La loi d’assignation à résidence
L’Allemagne dispose d’une loi d’assignation à résidence pour les réfugiés2. Cette loi est l’exemple même de ces nouvelles frontières intérieures établies par les Etats à des fins de contrôle sur des franges spécifiques de la population. Elle interdit aux requérants d’asile de quitter la commune ou le périmètre administratif dans lequel ils et elles sont inscrits. Les demandeurs d’asile sont en effet soumis aux procédures d’assignation à une commune particulière et doivent s’y tenir. Pour des cas d’exception, et au prix d’une demande dûment motivée auprès des autorités locales, une autorisation de déplacement, limitée dans le temps et d’un montant de 15 DM, peut être accordée. Il n’est pas rare que des requêtes soient refusées. Les autorités locales disposent d’une grande marge de manœuvre et décident souvent de manière arbitraire. Ainsi, le droit de mouvement repose souvent sur le fonctionnaire communal en charge du dossier « étrangers ». La sortie non avalisée par les autorités hors du périmètre administratif expose les réfugiés à de sévères sanctions. Le réfugié quittant le périmètre sans autorisation se trouve menacé, selon les cas, d’une amende pouvant s’élever jusqu’à 5000 DM, d’une année de privation de liberté et, en cas de répétition, d’expulsion du pays. L’« infraction » est dans tous les cas répertoriée dans le dossier de requête d’asile et joue un rôle dans la décision d’attribution ou non du droit d’asile. Aux contrôles policiers permanents auxquels sont confrontés les réfugiés lors de leurs rares déplacements, il faut ajouter la pratique de certains responsables de camps, consistant à établir quotidiennement des listes de présence pour vérifier si tous sont bien présents.

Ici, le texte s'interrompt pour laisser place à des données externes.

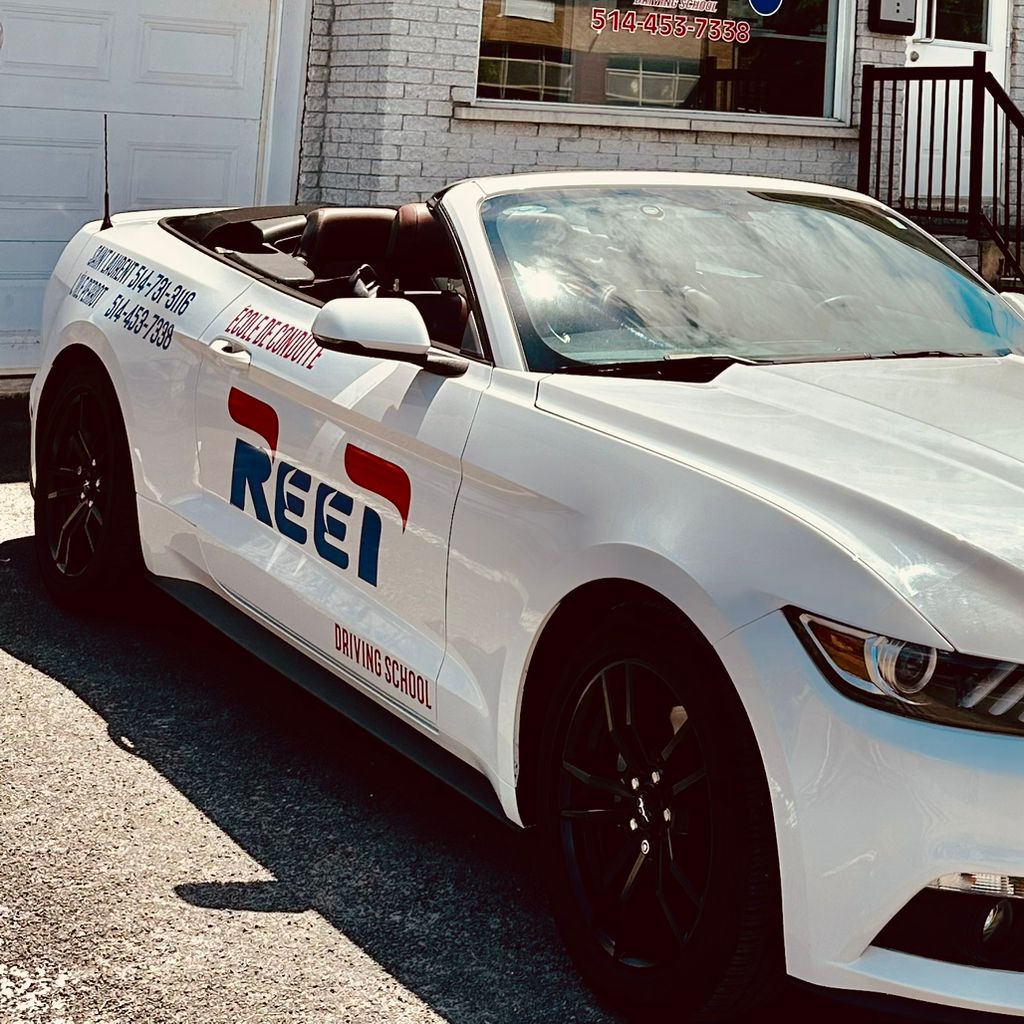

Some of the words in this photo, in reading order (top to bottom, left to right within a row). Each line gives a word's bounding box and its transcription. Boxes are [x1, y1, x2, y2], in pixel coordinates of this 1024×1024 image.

[590, 7, 751, 44] 514-453-7338
[127, 265, 196, 317] 514-731-3116
[104, 294, 175, 351] 514-453-7338
[224, 304, 270, 342] ÉCOLE
[252, 317, 282, 347] DE
[228, 386, 412, 588] REET
[334, 622, 382, 678] DRIVING
[384, 655, 432, 710] SCHOOL

Les conséquences de la loi d’assignation à résidence sont nombreuses. Pour les personnes directement concernées, elle signifie une suppression de la liberté de mouvement qui apparente leur vie à une véritable incarcération. Chaque mouvement hors du périmètre de la commune signifie des tracasseries administratives, des coûts financiers, des déplacements pour récolter les papiers requis, sans compter la confrontation souvent désagréable avec les autorités locales et toutes les humiliations liées au fait de ne pas disposer du droit élémentaire de mouvement. La visite à un ami habitant le « camp de transit » du village voisin dépend ainsi de la bonne volonté de l’employé communal. Chaque déplacement, chaque visite à un ami, à un membre de la famille, chaque participation à une rencontre politique doit être autorisée par les autorités.

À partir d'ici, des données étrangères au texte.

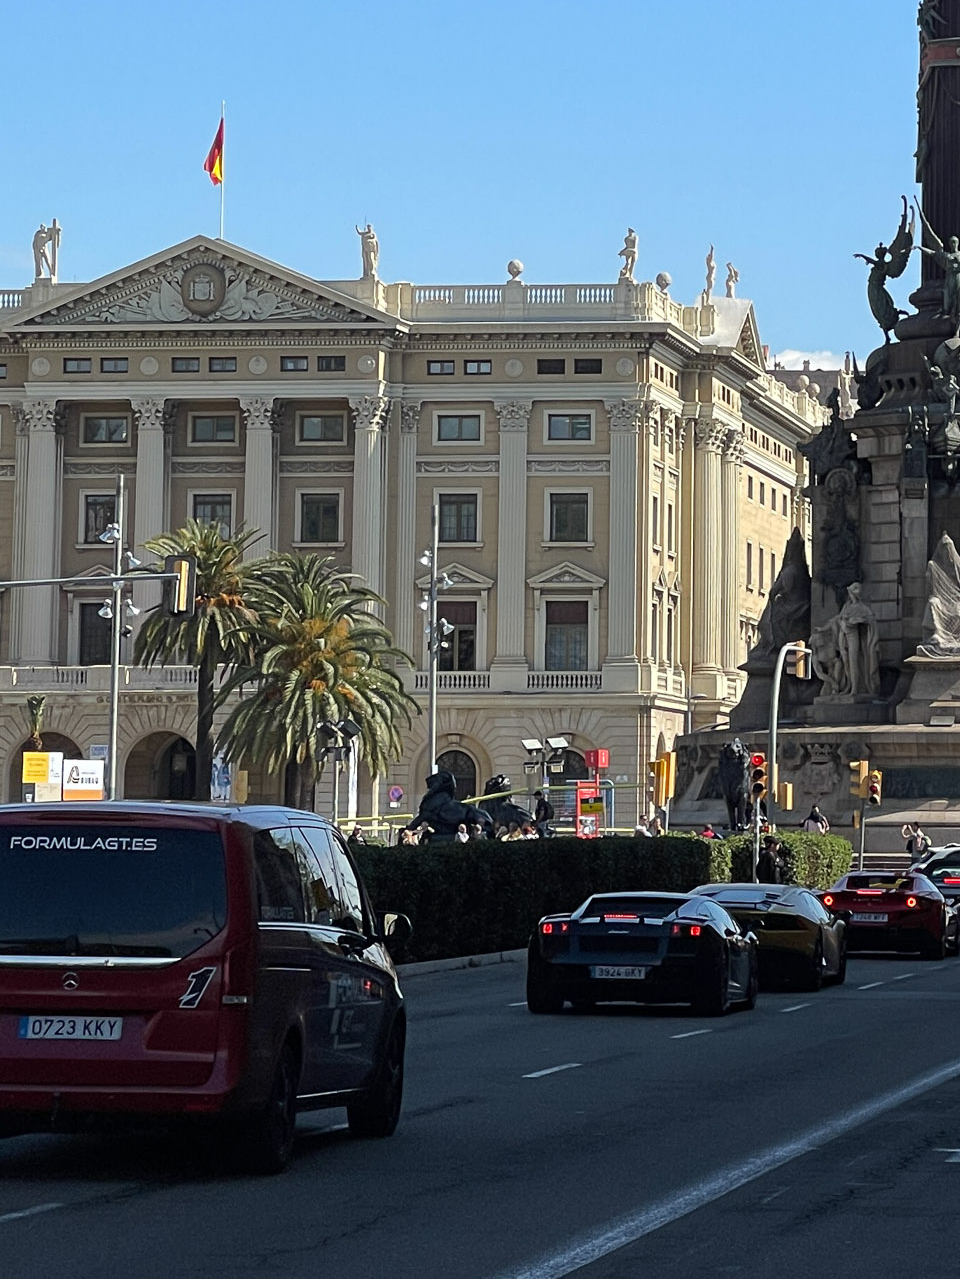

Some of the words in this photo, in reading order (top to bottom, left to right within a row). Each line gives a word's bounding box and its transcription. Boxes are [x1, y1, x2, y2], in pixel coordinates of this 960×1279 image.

[9, 836, 158, 851] FORMULAGT.ES
[598, 967, 622, 977] 3924
[624, 968, 644, 978] GKY
[31, 1019, 77, 1036] 0723
[82, 1019, 118, 1037] KKY
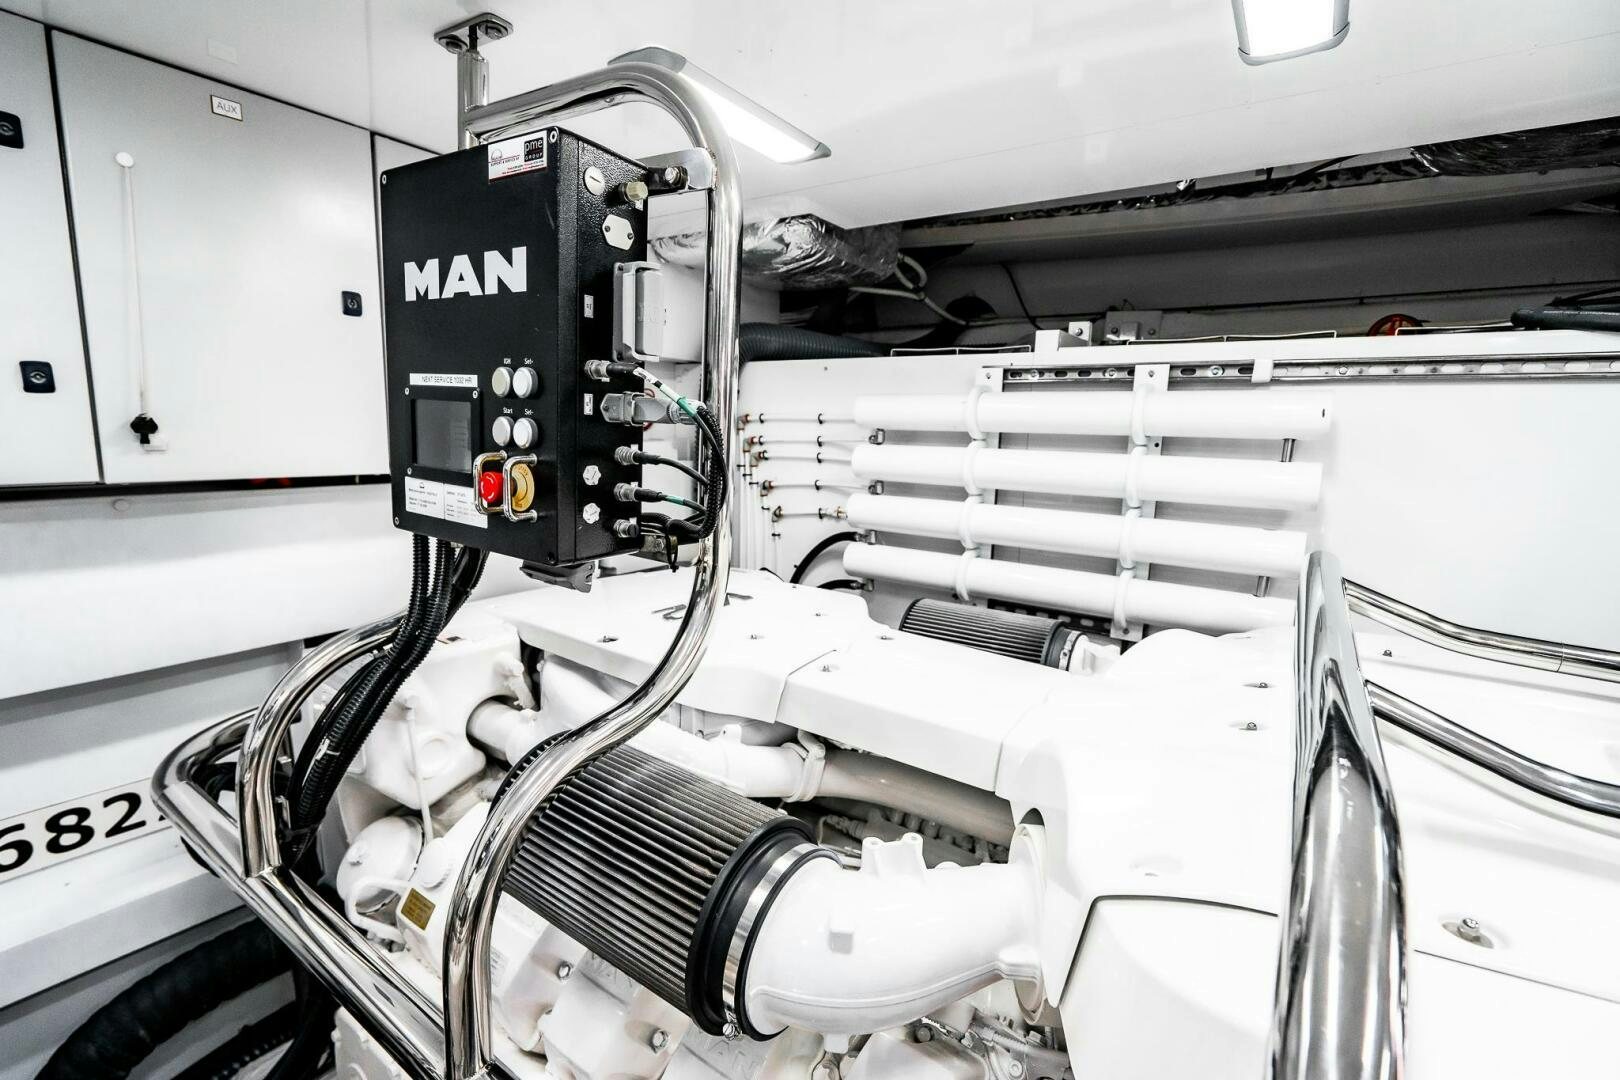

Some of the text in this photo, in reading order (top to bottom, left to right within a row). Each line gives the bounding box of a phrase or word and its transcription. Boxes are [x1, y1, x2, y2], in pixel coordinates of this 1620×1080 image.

[216, 102, 238, 114] AUX
[524, 139, 543, 154] pme
[404, 246, 527, 302] MAN
[421, 375, 433, 383] NEXT
[434, 375, 453, 384] SERVICE
[0, 791, 166, 873] 682

Cette loi rend en outre très difficile l’auto-organisation des réfugiés et met des barrières considérables à l’activité collective. Elle menace particulièrement celles et ceux qui sont les plus actifs dans les réseaux d’entraide et de défense, car leurs activités supposent de nombreux déplacements pour établir des contacts entre les personnes. Aussi sont-ils particulièrement exposés aux contrôles policiers, à la répression et aux diverses sanctions qui découlent de la violation de la loi. Cette loi prive une catégorie de personnes de la liberté de mouvement et a pour conséquence d’isoler les réfugiés les uns des autres, mais aussi et surtout, de l’ensemble de la population allemande. Elle contribue ainsi, d’une manière ou d’une autre, à alimenter le climat de haine raciste.
En outre, cette loi encourage les contrôles policiers incessants, dans la rue, dans les centres de transit, et tout particulièrement dans les gares et les transports publics. Sur la base de cette loi, la police peut contrôler les réfugiés partout et à tout moment, pour vérifier s’ils sont sortis de leur périmètre avec ou sans autorisation. Il s’agit ainsi d’une loi proprement discriminatoire, sinon raciste, dans la mesure où elle produit des types d’actes punissables que la population résidant en Allemagne en situation régulière ne peut pas commettre. Enfin, l’exposition permanente des réfugiés aux contrôles de police contribue à leur criminalisation aux yeux de la population non concernée par ces mesures juridiques. En effet, les contrôles policiers dans les lieux publics sous les regards de tous contribuent à faire peser le doute sur les réfugiés et cultiver les préjugés racistes. Ainsi, la police applique une loi raciste qui alimente elle-même la haine raciste dans la population.
La résistance s’organise
La lutte contre cette loi d’assignation à résidence s’est alors engagée du côté des organisations de réfugiés, lesquelles dénoncent la discrimination dont ils sont victimes. Le collectif The Voice s’appuie sur la déclaration universelle des droits humains établie par l’ONU en 1948 et signée par l’Allemagne, en tant que membre de l’ONU. Le paragraphe 13-i stipule : « Chaque homme a le droit de se déplacer et de choisir son lieu d’habitation à l’intérieur d’un Etat ». Or ce n’est pas le cas des réfugiés, dont la liberté de mouvement est restreinte de manière considérable par les lois d’assignation à résidence.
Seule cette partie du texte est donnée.